Había gafas normales, que no llamaban la atención, que corregían pequeños defectos de la vista, y había gafas que eran una auténtica condena, aquellas que los niños llamábamos “de culo de vaso”. Detrás de unas lentes de “culo de vaso” había casi siempre una víctima, un mártir que no podía participar plenamente en los juegos infantiles porque si se quitaba las lentes se quedaba a medias debido a su falta de visión. Las gafas de “culo de vaso” eran un agravio estético porque te desfiguraban la mirada y llevarlas a esa edad tan complicada de la primera adolescencia, cuando necesitabas gustar, era un auténtico martirio.

Las únicas gafas que añorábamos eran las de sol, que se convertían en una prenda más de tu indumentaria juvenil tan deseada como los pantalones vaqueros. Fue en los años sesenta cuando las gafas para el sol fueron derivando hacia una moda imparable, empujada por los vientos que soplaban del cine. Las grandes estrellas de las películas de entonces se veían más espléndidas si llevaban unas buenas gafas de sol. Después llegaron a nuestras playas los turistas, que acabaron de convencernos de que no se trataba de un lujo ni de un capricho, que aquellas gafas de cristales oscuros eran una necesidad en una tierra como la nuestra donde el sol no daba tregua durante todo el año.

Para muchos adolescentes de los años setenta, las gafas de sol fueron una prenda más que los colocaba en la onda de la moda imperante. Si llevabas tu pantalón vaquero de la marca Alton, tu polo Fred Perry y tus gafillas de sol reglamentarias eras capitán general en aquellas tardes de cañas, tertulias y ligoteo inocente en el Parrilla Pasaje o en las reuniones con música de fondo en el bar las Vegas.

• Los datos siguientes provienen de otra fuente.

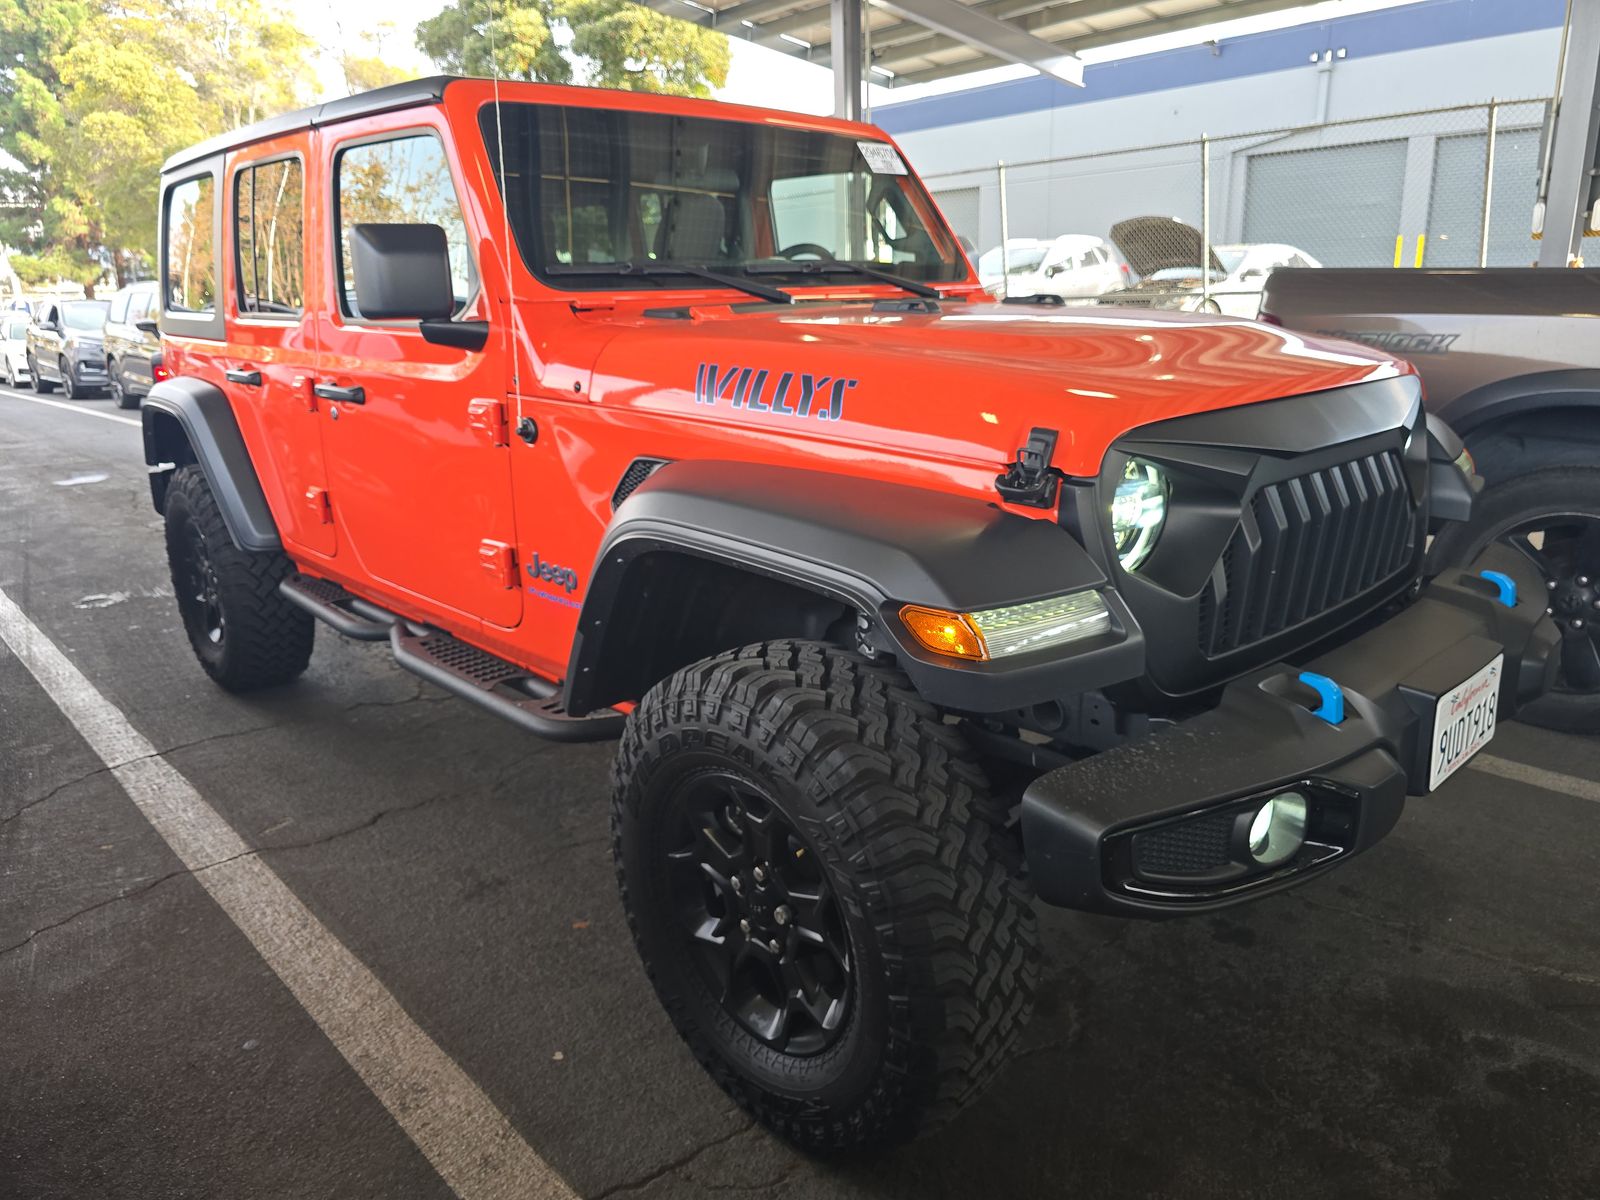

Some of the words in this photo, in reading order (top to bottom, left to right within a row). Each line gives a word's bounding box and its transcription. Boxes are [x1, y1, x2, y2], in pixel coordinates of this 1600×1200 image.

Con unas buenas gafas de sol ya no había nadie que se atreviera a decirnos legañosos. Aquella prenda te daba un toque moderno y te elevaba un peldaño por encima del estrato adolescente más arrabalero, donde estaban aquellos que eran calificados como horteras. Co unas gafas de sol elegantes nunca parecías un hortera aunque lo fueras irremediablemente.

Recuerdo que éramos muchos los que soñábamos con poder tener algún día unas gafas de sol de la marca Ray Ban, que no sé por qué motivo se convirtieron en un auténtico objeto de deseo de la juventud de aquel tiempo. El mito de aquellas gafas americanas se nos rompía en mil pedazos cuando de pronto uno de la pandilla llegaba presumiendo de Ray Ban cuando se trataba claramente de unas gafas de imitación de aquellas que traían en el barco de Melilla.